No que respeita ao recurso quanto ao julgamento da matéria de facto tenho a declarar o seguinte:

Continuo a entender que em sede de recurso jurisdicional o tribunal de recurso, em princípio, só deve alterar a matéria de facto em que assenta a decisão recorrida se, após ter sido reapreciada, for evidente que ela, em termos de razoabilidade, foi mal julgada na instância recorrida (neste sentido os acórdãos do Supremo Tribunal Administrativo, de 19.10.2005, processo n.º 394/05, de 19.11.2008, processo n.º 601/07, de 02.06.2010, processo n.º 0161/10 e de 21.09.2010, processo n.º 01010/09; e acórdãos do Tribunal Central Administrativo Norte, de 06.05.2010, processo n.º 00205/07.3 PNF, e de 14.09.2012, processo n.º 00849/05.8 VIS).

Isto porque o Tribunal de recurso está privado da oralidade e da imediação que determinaram a decisão de primeira instância: a gravação da prova, por sua natureza, não fornece todos os elementos que foram directamente percepcionados por quem julgou em primeira instância e que ajuda na formação da convicção sobre a credibilidade do testemunho.

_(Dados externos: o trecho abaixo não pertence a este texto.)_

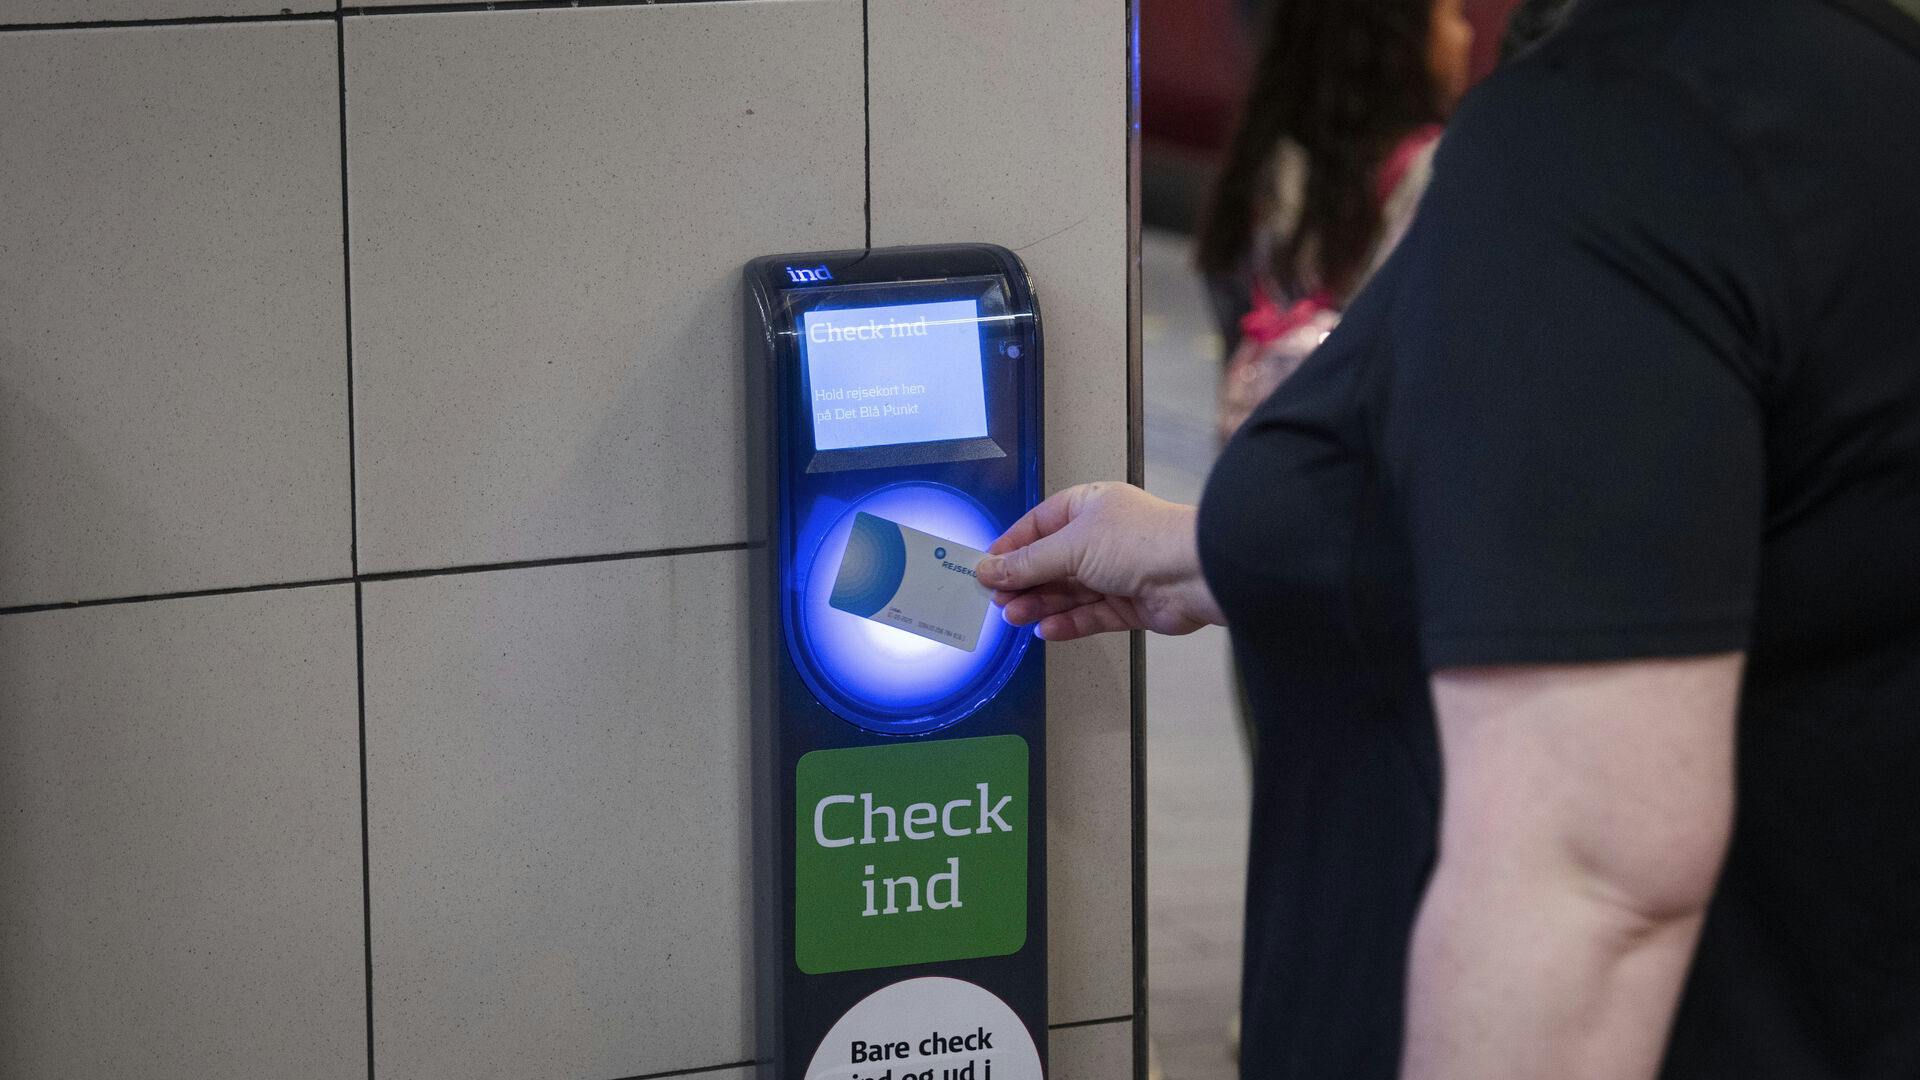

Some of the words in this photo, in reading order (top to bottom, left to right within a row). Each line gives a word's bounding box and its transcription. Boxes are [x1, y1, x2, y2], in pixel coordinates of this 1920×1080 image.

[786, 264, 833, 282] ind
[809, 319, 884, 344] Check
[890, 316, 929, 338] ind
[815, 387, 844, 401] Hold
[846, 384, 899, 401] rejsekort
[902, 383, 926, 395] hen
[816, 408, 833, 424] på
[834, 407, 858, 421] Det
[859, 405, 881, 419] Blå
[882, 402, 920, 417] Punkt
[813, 782, 1013, 849] Check
[861, 856, 963, 917] ind
[851, 1040, 910, 1064] Bare
[918, 1026, 994, 1056] check

Como defende Antunes Varela, no Manual de Processo Civil, 2ª edição, página 657:

“Esse contacto directo, imediato, principalmente entre o juiz e a testemunha, permite ao responsável pelo julgamento captar uma série valiosa de elementos (através do que pode perguntar, observar e depreender do depoimento, da pessoa e das reacções do inquirido) sobre a realidade dos factos que a mera leitura do relato escrito do depoimento não pode facultar”.

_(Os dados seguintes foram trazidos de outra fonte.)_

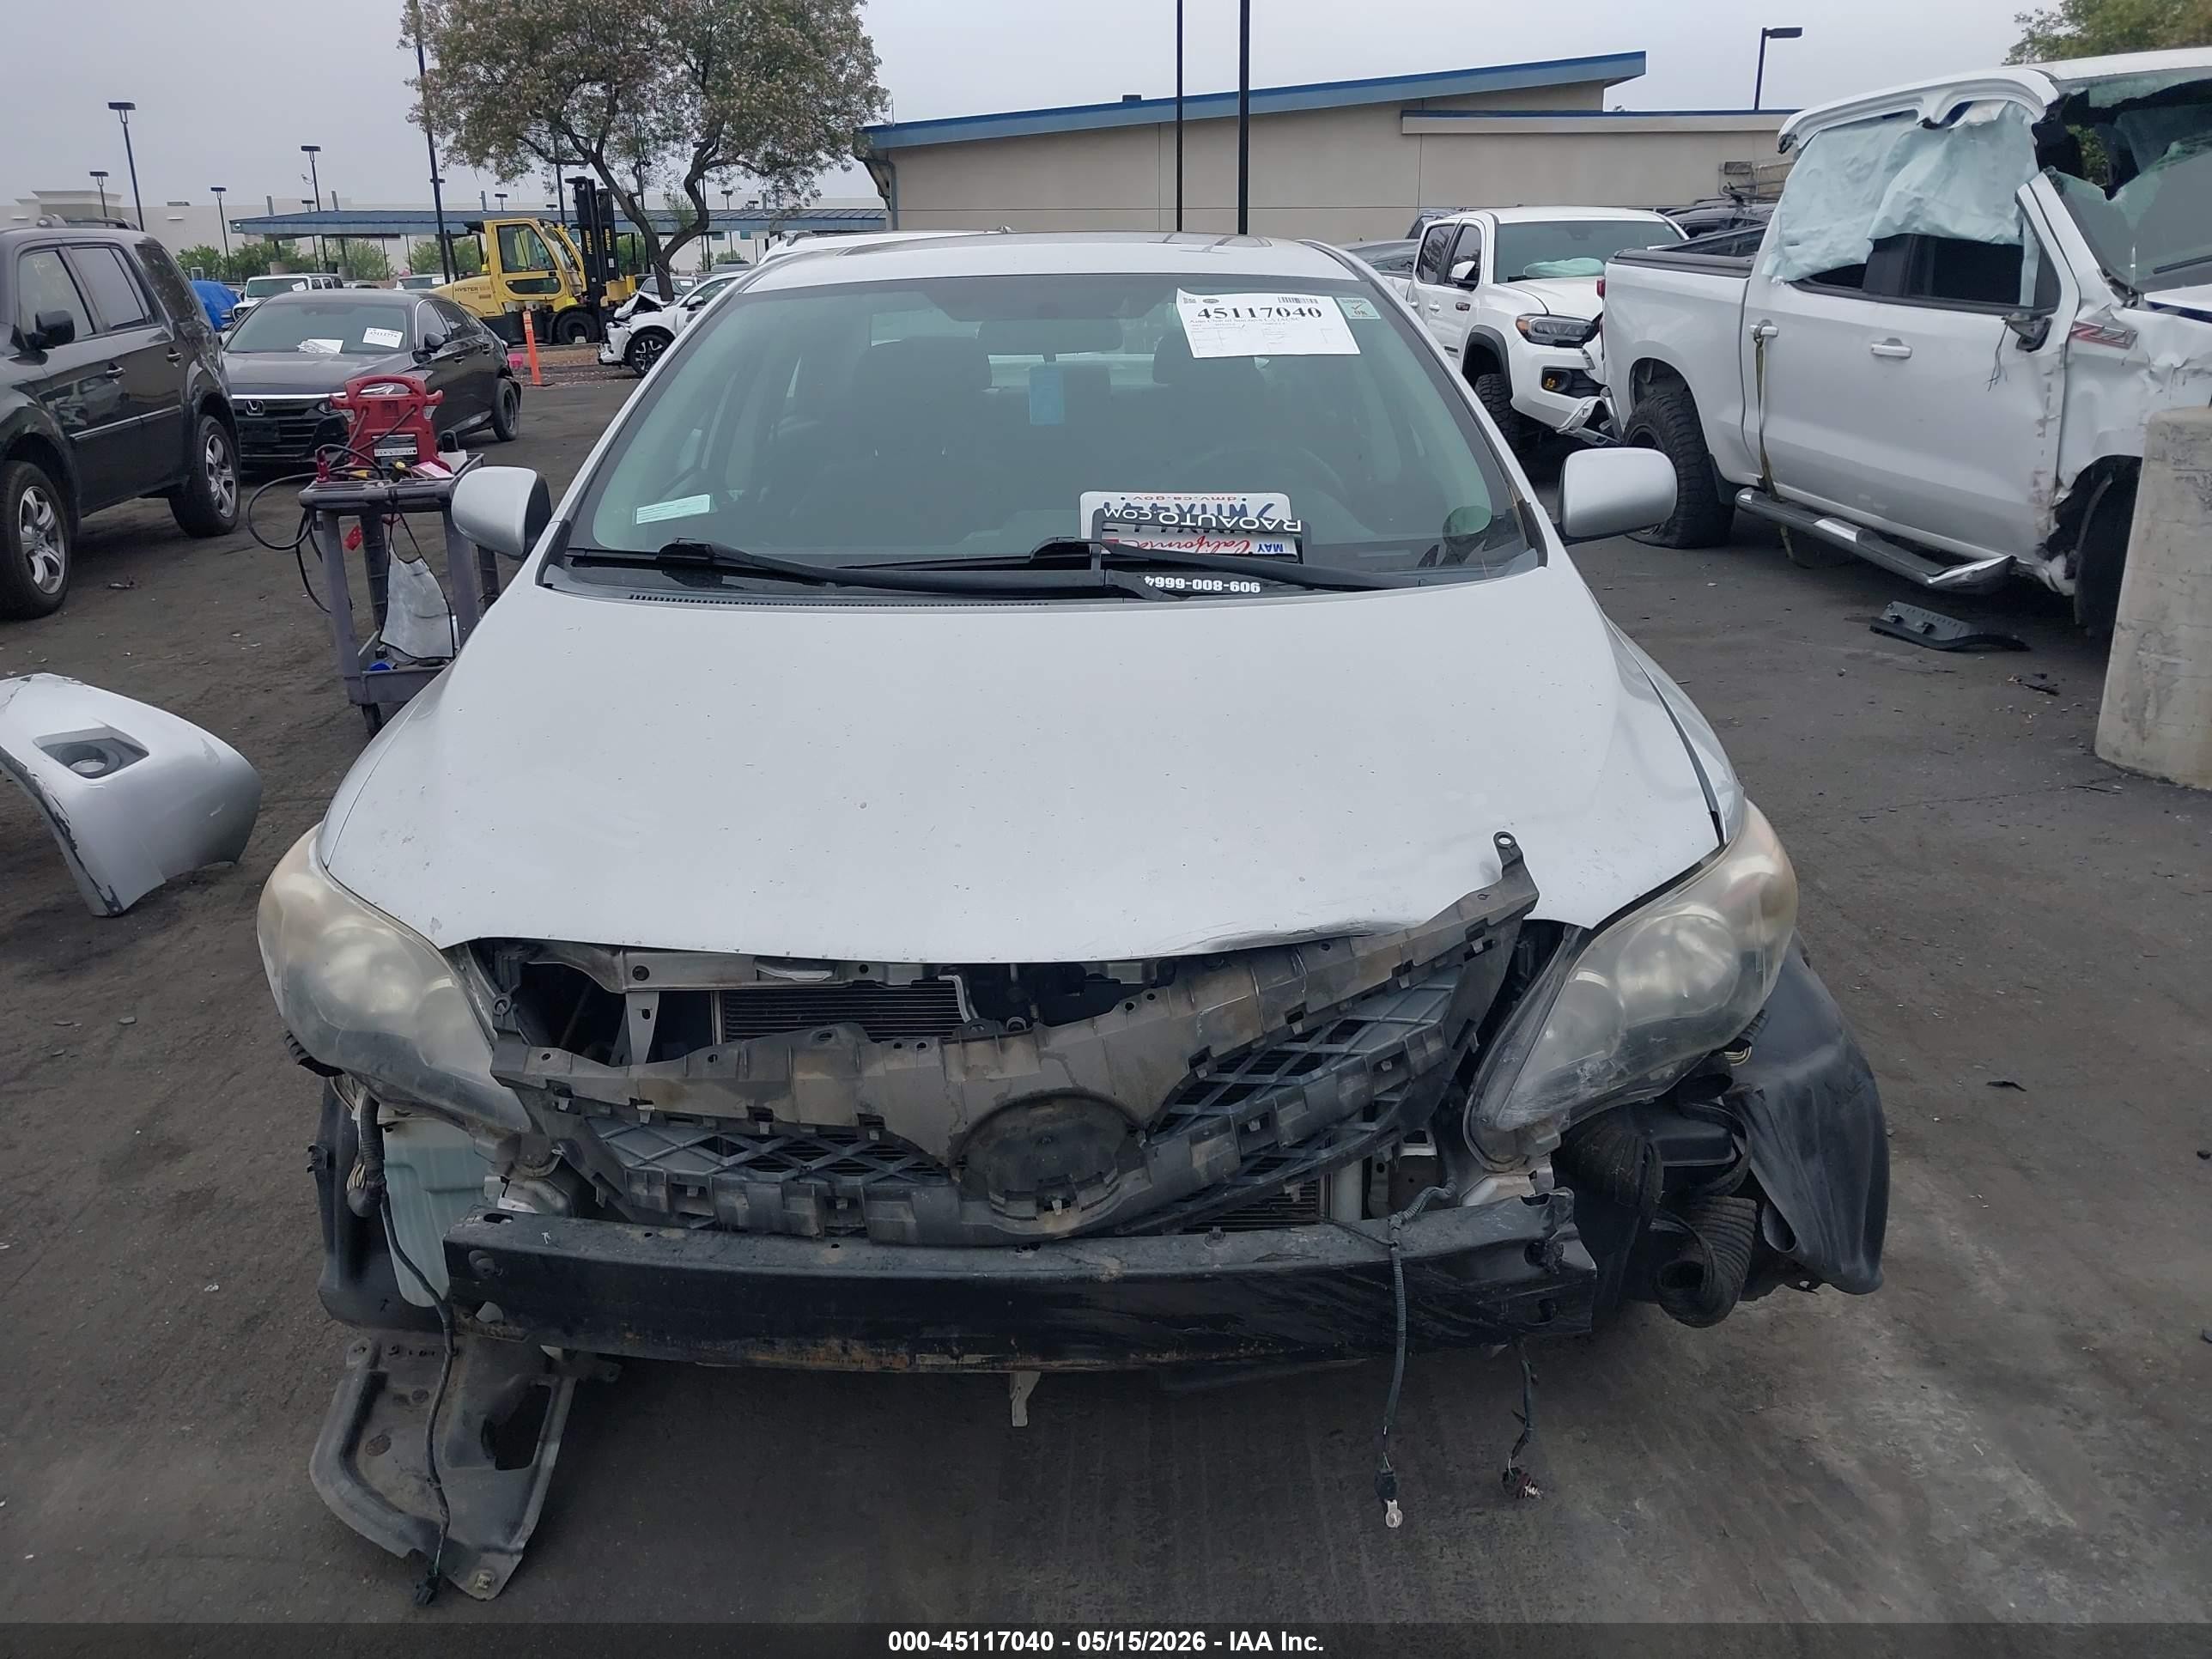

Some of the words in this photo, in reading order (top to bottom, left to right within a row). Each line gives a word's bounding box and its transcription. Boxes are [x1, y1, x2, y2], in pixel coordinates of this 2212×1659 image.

[1197, 307, 1322, 319] 45117040
[1103, 507, 1303, 532] RAOAUTO.COM
[1256, 543, 1284, 553] MAY
[1144, 575, 1261, 593] 909-800-6664

No caso concreto concordo com a alteração da matéria de facto em sede do presente recurso jurisdicional por entender que se trata de erro manifesto na apreciação da prova testemunhal produzida, no confronto, designadamente, com a prova documental também produzida.

Subscrevo também o enquadramento jurídico efectuado nesta sede de recurso jurisdicional pelo que voto o sentido da decisão.